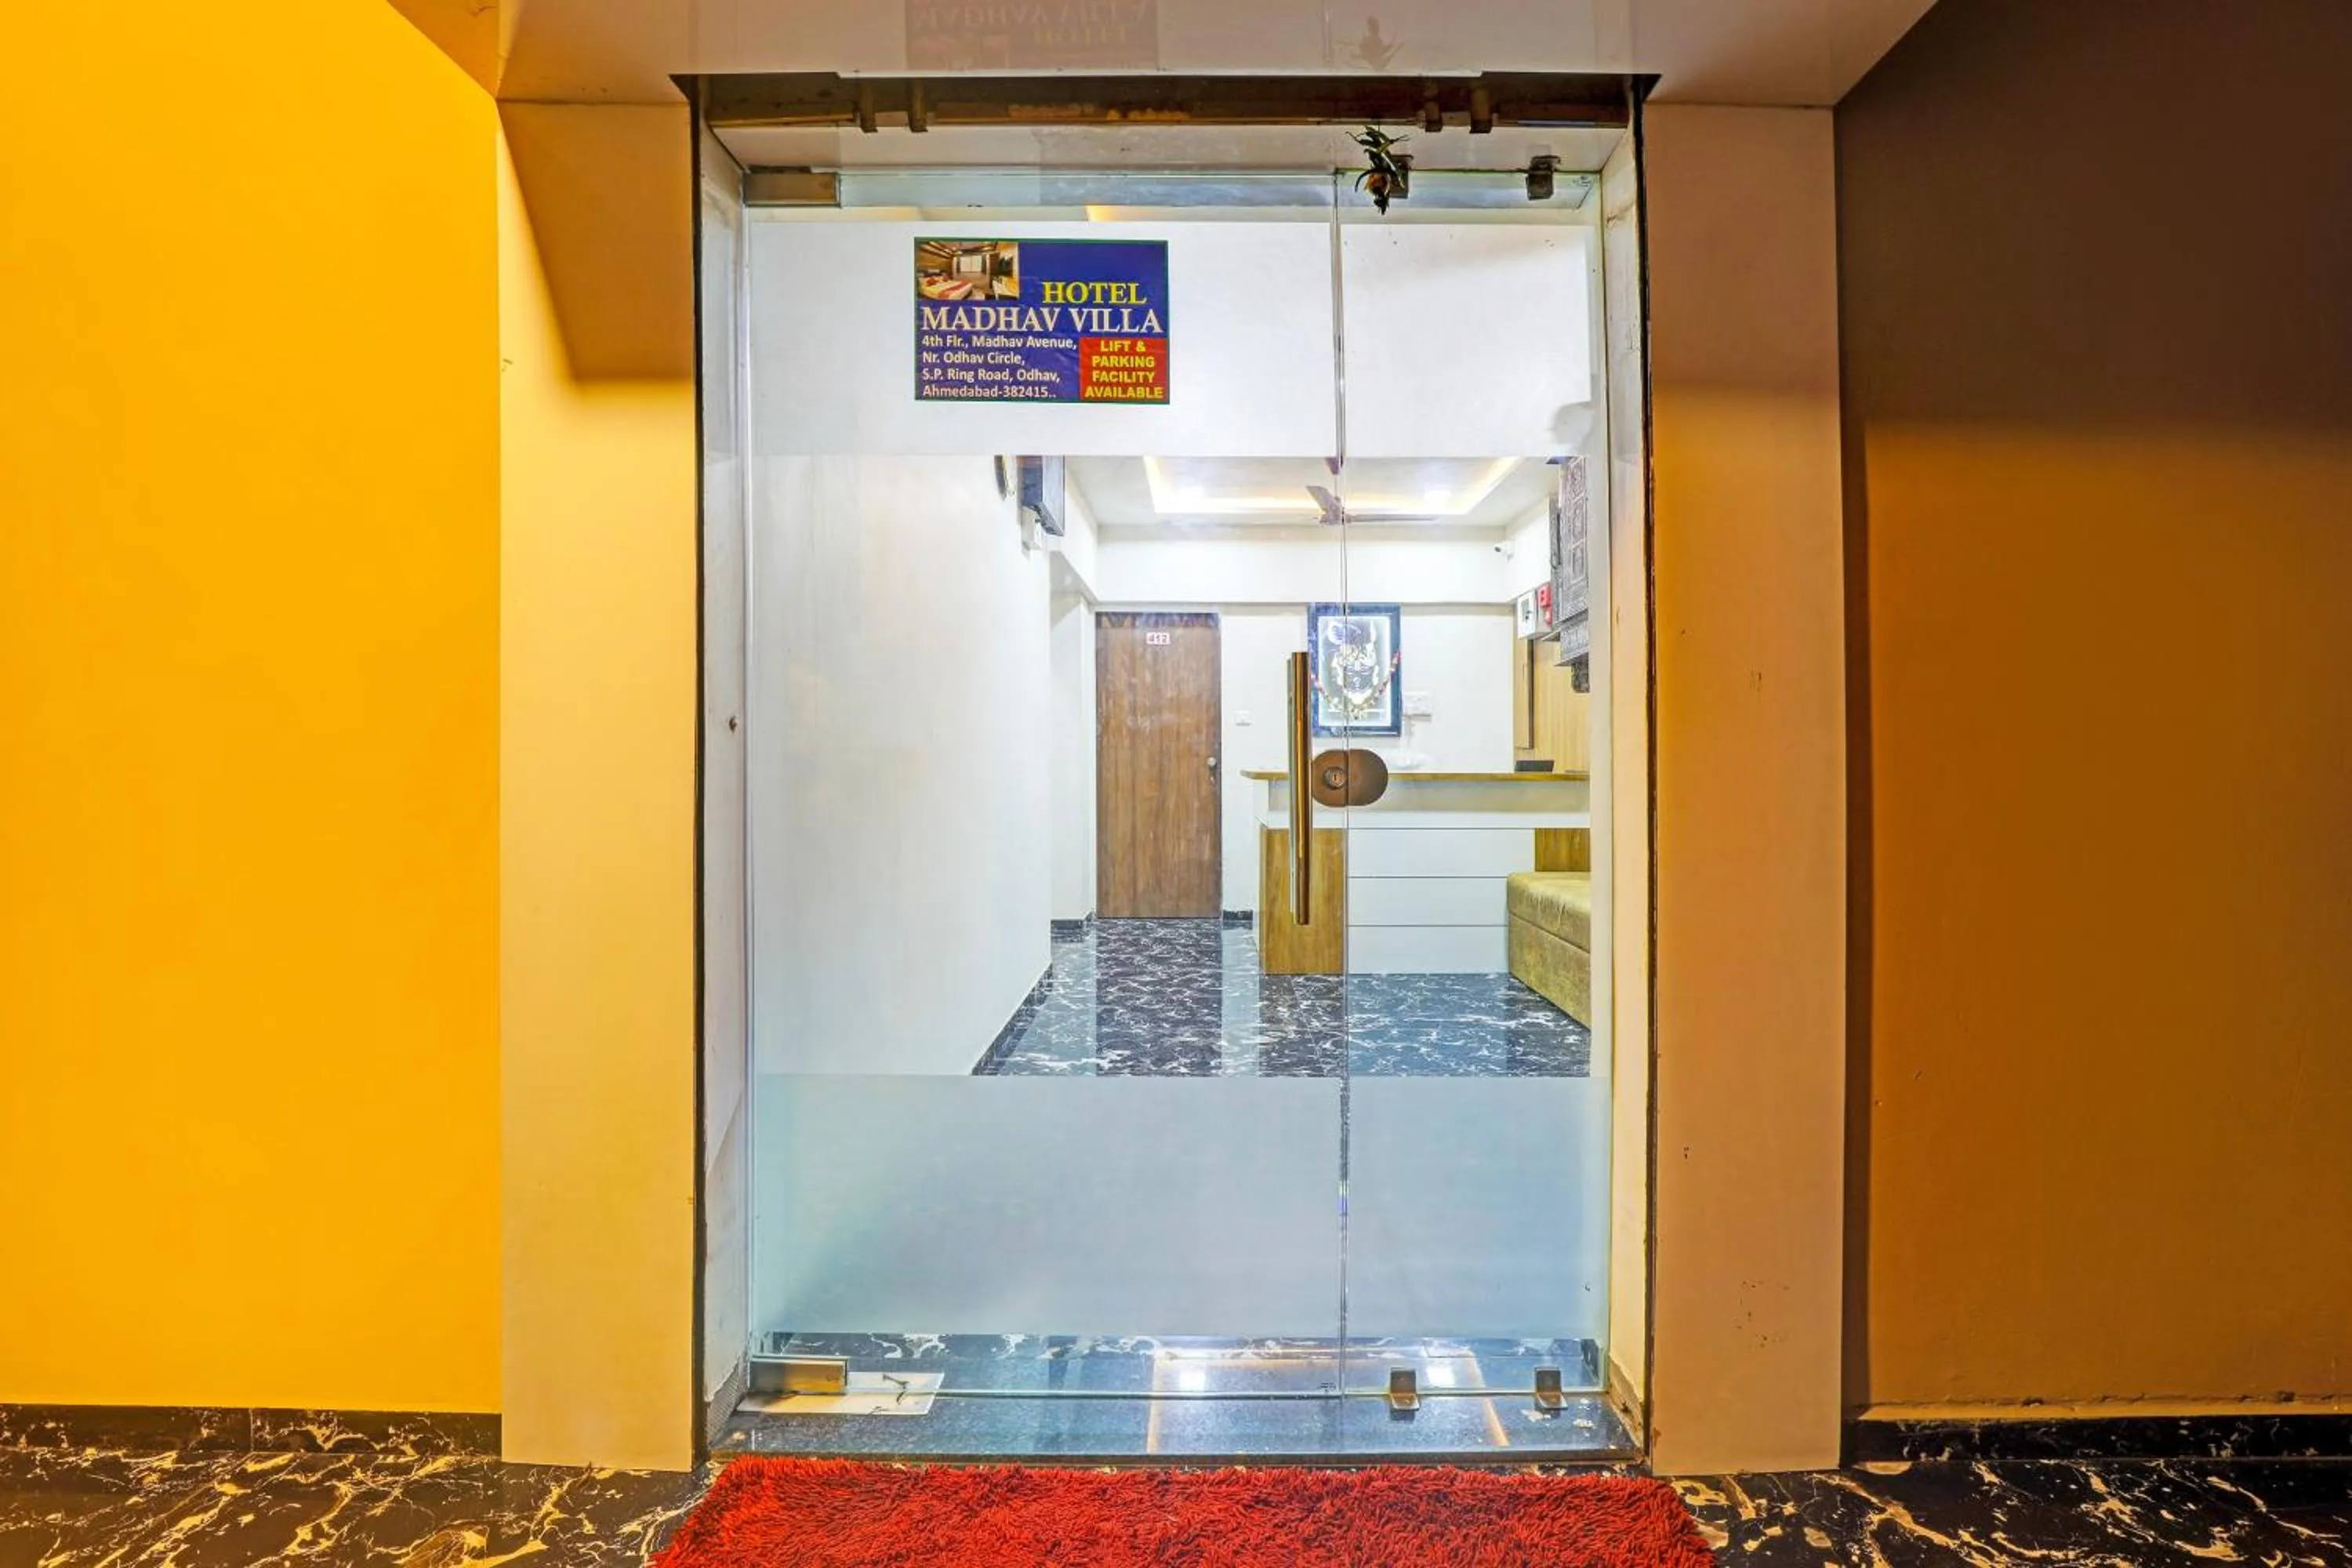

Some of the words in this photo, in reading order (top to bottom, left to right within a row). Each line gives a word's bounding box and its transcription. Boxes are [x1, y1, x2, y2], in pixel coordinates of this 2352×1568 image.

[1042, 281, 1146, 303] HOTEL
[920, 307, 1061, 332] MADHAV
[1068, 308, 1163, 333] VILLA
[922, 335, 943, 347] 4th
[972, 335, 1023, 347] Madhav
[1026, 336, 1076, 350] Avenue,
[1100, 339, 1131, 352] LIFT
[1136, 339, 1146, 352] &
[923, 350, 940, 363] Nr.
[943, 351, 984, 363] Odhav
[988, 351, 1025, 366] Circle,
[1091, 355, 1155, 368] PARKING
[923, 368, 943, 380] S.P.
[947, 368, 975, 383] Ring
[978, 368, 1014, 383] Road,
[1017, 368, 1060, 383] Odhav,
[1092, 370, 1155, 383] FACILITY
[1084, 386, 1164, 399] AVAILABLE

══════

Work task >> Leaving every image behind, repeat the data in full and exactly.

Exercise response >>
Some of the words in this photo, in reading order (top to bottom, left to right within a row). Each line gives a word's bounding box and its transcription. Boxes are [x1, y1, x2, y2], in pixel coordinates of this 2352×1568 image.

[1042, 281, 1146, 303] HOTEL
[920, 307, 1061, 332] MADHAV
[1068, 308, 1163, 333] VILLA
[922, 335, 943, 347] 4th
[972, 335, 1023, 347] Madhav
[1026, 336, 1076, 350] Avenue,
[1100, 339, 1131, 352] LIFT
[1136, 339, 1146, 352] &
[923, 350, 940, 363] Nr.
[943, 351, 984, 363] Odhav
[988, 351, 1025, 366] Circle,
[1091, 355, 1155, 368] PARKING
[923, 368, 943, 380] S.P.
[947, 368, 975, 383] Ring
[978, 368, 1014, 383] Road,
[1017, 368, 1060, 383] Odhav,
[1092, 370, 1155, 383] FACILITY
[1084, 386, 1164, 399] AVAILABLE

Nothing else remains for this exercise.